→ Work instruction
Write every line below out again exactly, images omitted.

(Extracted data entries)
# # # # # # #

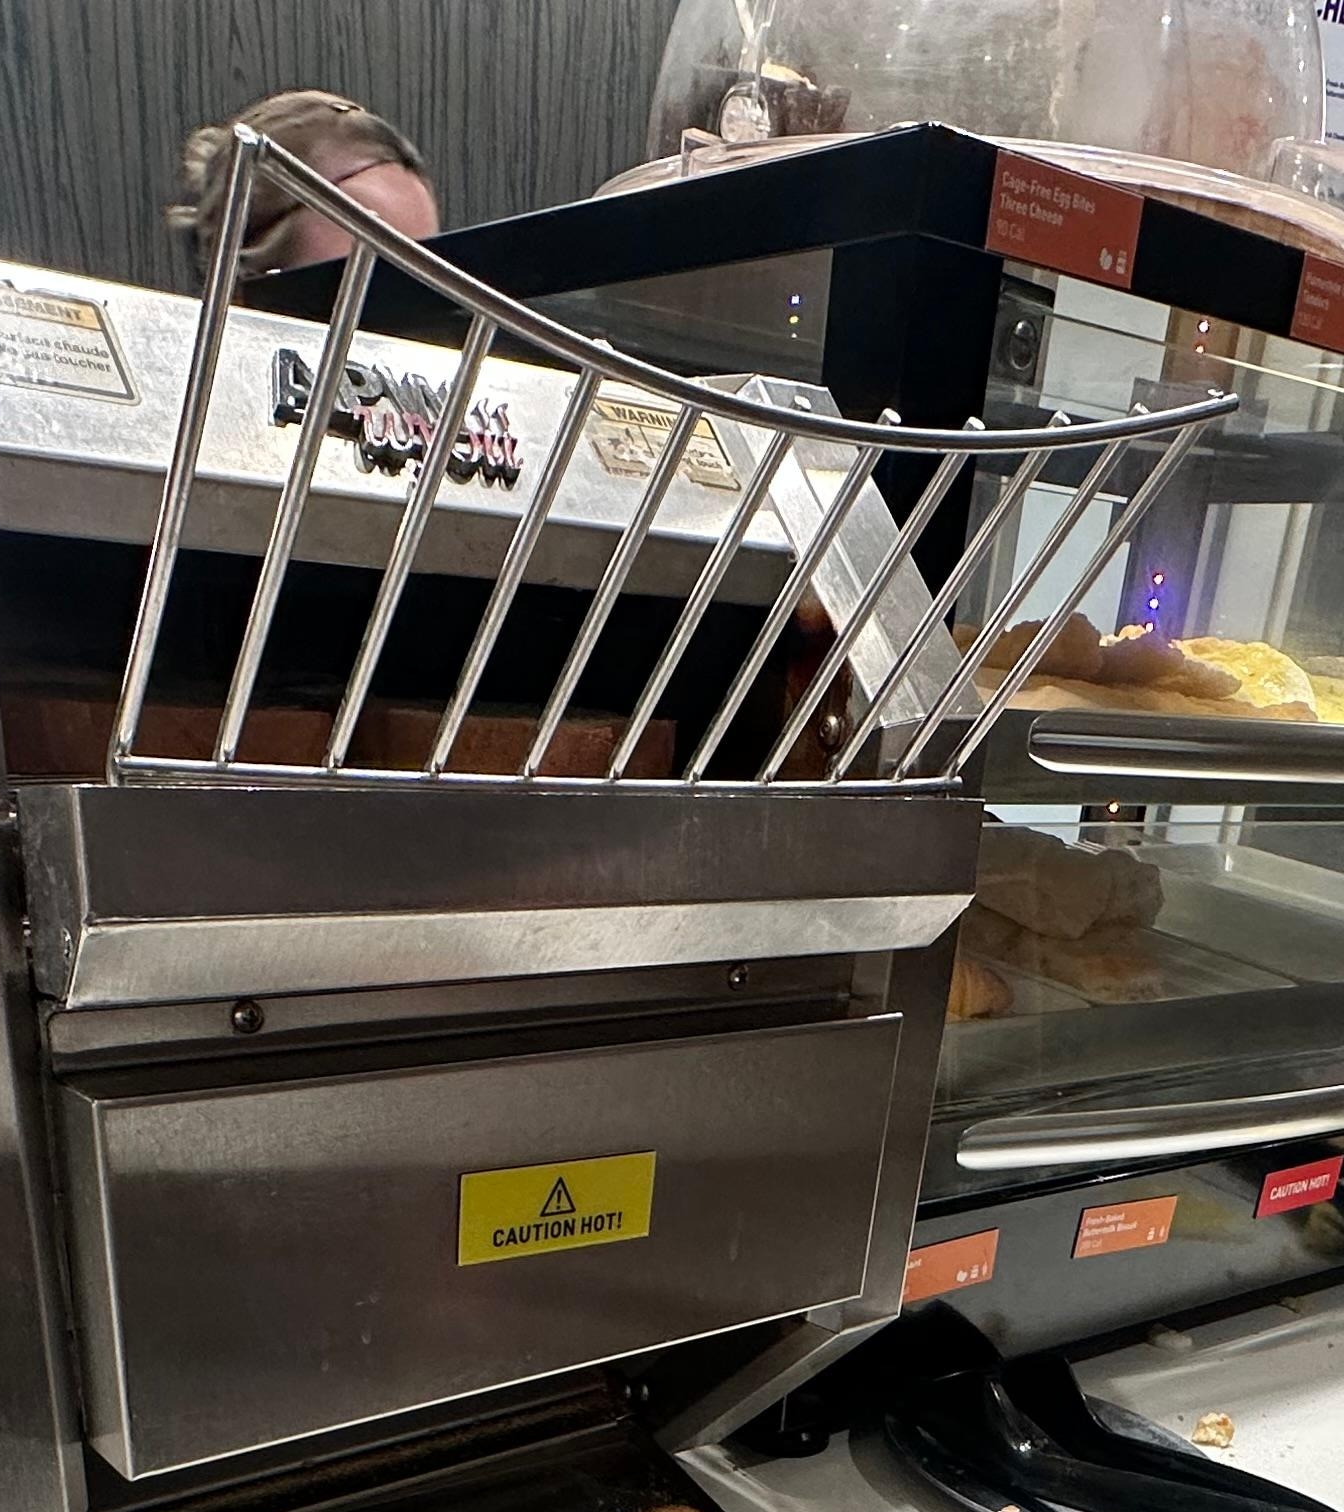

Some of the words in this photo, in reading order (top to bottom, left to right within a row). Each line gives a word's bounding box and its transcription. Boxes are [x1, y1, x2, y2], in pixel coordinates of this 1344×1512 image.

[1002, 171, 1052, 200] Cage-Free
[1053, 187, 1071, 209] Egg
[1072, 194, 1096, 214] Bites
[1000, 193, 1028, 215] Three
[1029, 202, 1064, 226] Cheese
[55, 350, 111, 373] toucher
[611, 406, 676, 429] WARNIN
[1269, 1179, 1309, 1200] CAUTION
[1308, 1173, 1331, 1191] HOT!
[492, 1218, 576, 1248] CAUTION
[580, 1211, 623, 1235] HOT!

# # # # # # #

→ Solution below
Some of the words in this photo, in reading order (top to bottom, left to right within a row). Each line gives a word's bounding box and its transcription. Boxes are [x1, y1, x2, y2], in pixel coordinates of this 1344×1512 image.

[1002, 171, 1052, 200] Cage-Free
[1053, 187, 1071, 209] Egg
[1072, 194, 1096, 214] Bites
[1000, 193, 1028, 215] Three
[1029, 202, 1064, 226] Cheese
[55, 350, 111, 373] toucher
[611, 406, 676, 429] WARNIN
[1269, 1179, 1309, 1200] CAUTION
[1308, 1173, 1331, 1191] HOT!
[492, 1218, 576, 1248] CAUTION
[580, 1211, 623, 1235] HOT!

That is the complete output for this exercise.